With time, however, Vasiliev grew accustomed to the Crimean scenery and found spots that harmonised with his mental state—principally the unpopulated, wild, mountainous areas. In the CrimeanMountains (1873, TRETYAKOV GALLERY, MOSCOW), is a roman­tic elevated image of the Crimea. The solemn rhythm of the composition and the severe, al­most monochromatic colouring evoke a tragic mood of abandonment. Ivan Kramskoi wrote: ‘…there is something misty, almost mystical, bewitching, as though it were not a picture but a symphony, reaching our ears from above, and below, on Earth where objects should be real… a sick and suffering man. Never before had I imagined that a landscape could evoke such strong sensations . . .’

In the last year of his life Vasiliev was again seized by a feeling of loneliness and homesick­ness, and he painted the Russian landscapes De­relict Windmill (1872-73, TRETYAKOV GALLERY, MOSCOW) and Marsh in the Forest. Autumn (1872-73, RUSSIAN  MUSEUM, SAINT PETERSBURG). The emotion and sorrow with which the artist worked at that time may be judged from his letter to Kramskoi: ‘In this instance I want to depict morning over a marshland. Don’t think, by the way, that this is a real marsh. No, the real one lies ahead, and this is only a preparation. Oh that marsh! If only you knew how my heart aches with dark forebod­ing. Shall I really never again breathe this free­dom, this life-giving power of the morning awaking over the misty water? For everything, everything will be taken from me if this is taken. As an artist I shall lose more than half the world.’

The picture was painted during a sweltering Crimean summer, but what appeared on the canvas was a Russian autumn.
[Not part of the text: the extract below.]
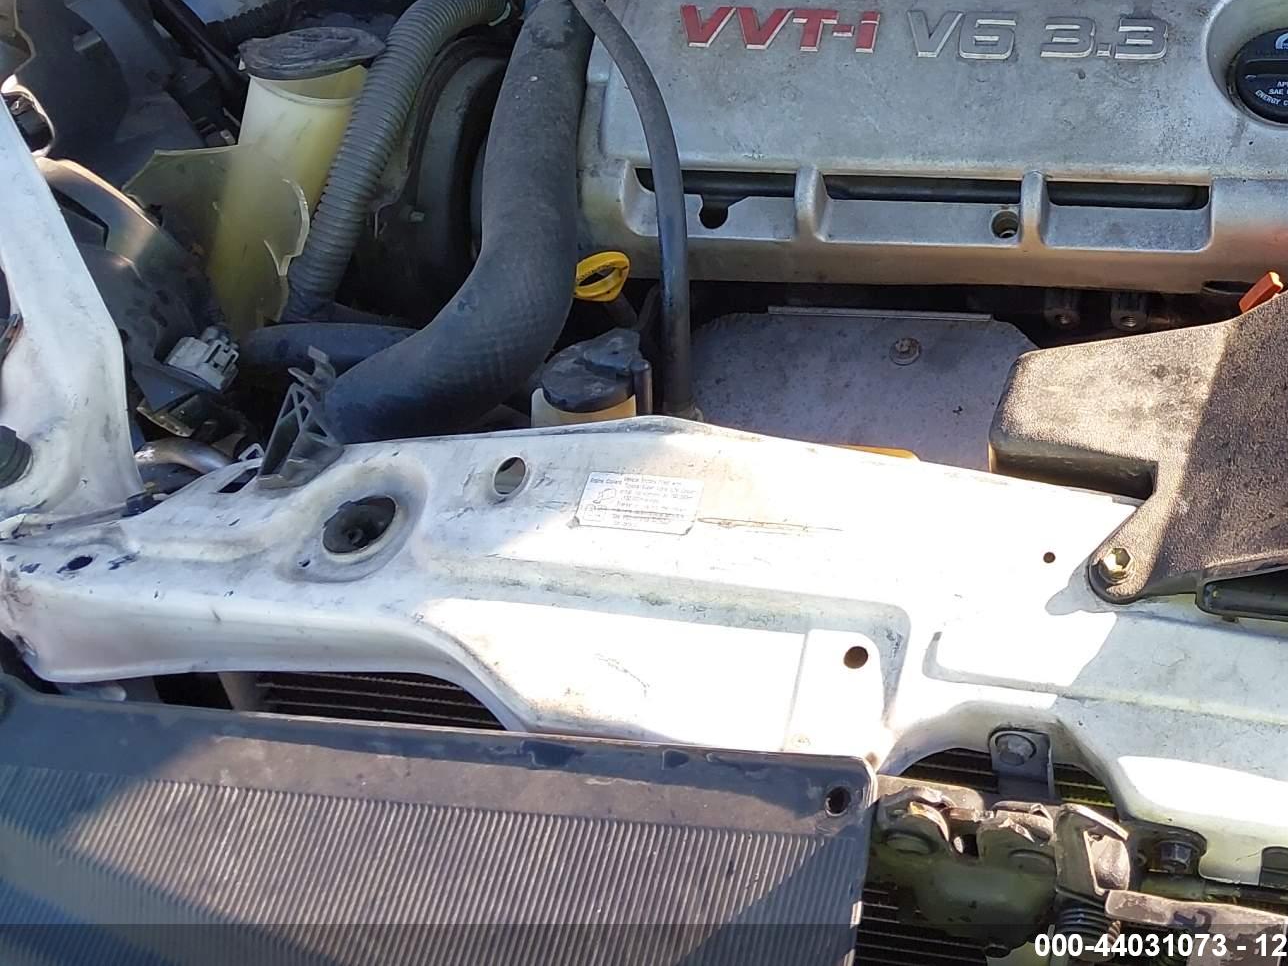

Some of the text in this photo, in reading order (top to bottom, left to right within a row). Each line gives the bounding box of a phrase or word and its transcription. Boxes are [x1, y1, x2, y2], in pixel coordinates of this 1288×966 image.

[680, 4, 1169, 61] VVT-i V6 3.3
[1255, 89, 1281, 105] ENERGY
There is a dense forest, and a marsh grown with unusual grasses and ferns; it is an eerie, ugly swamp, eternally wrapped in a sinister desolate silence; the shad­ow of a dark cloud which hangs above the woods lies motionless over the water, and the last ray of sun lights up the foliage in a fantastic flame; everything is still, holding its breath. The motif is very simple, and the viewer is affected above all by the painting itself—the colour and texture. The artist succeeded in subtly convey­ing the wealth of autumn colours, isolating what is most important in the juxtaposition of the blue sky and reddish leaves. The colour con­trasts and dynamic brushwork express the ten­sion in nature before a storm and the tragedy of the artist’s sufferings. With this work Vasiliev set the course of Russian landscape-painting for a long time to come.

Marsh in the Forest. Autumn was the artist’s farewell to his homeland. Vasiliev died on 24 September 1873 and was buried in the Old Massandra Cemetery in Yalta.

Elite granite tops.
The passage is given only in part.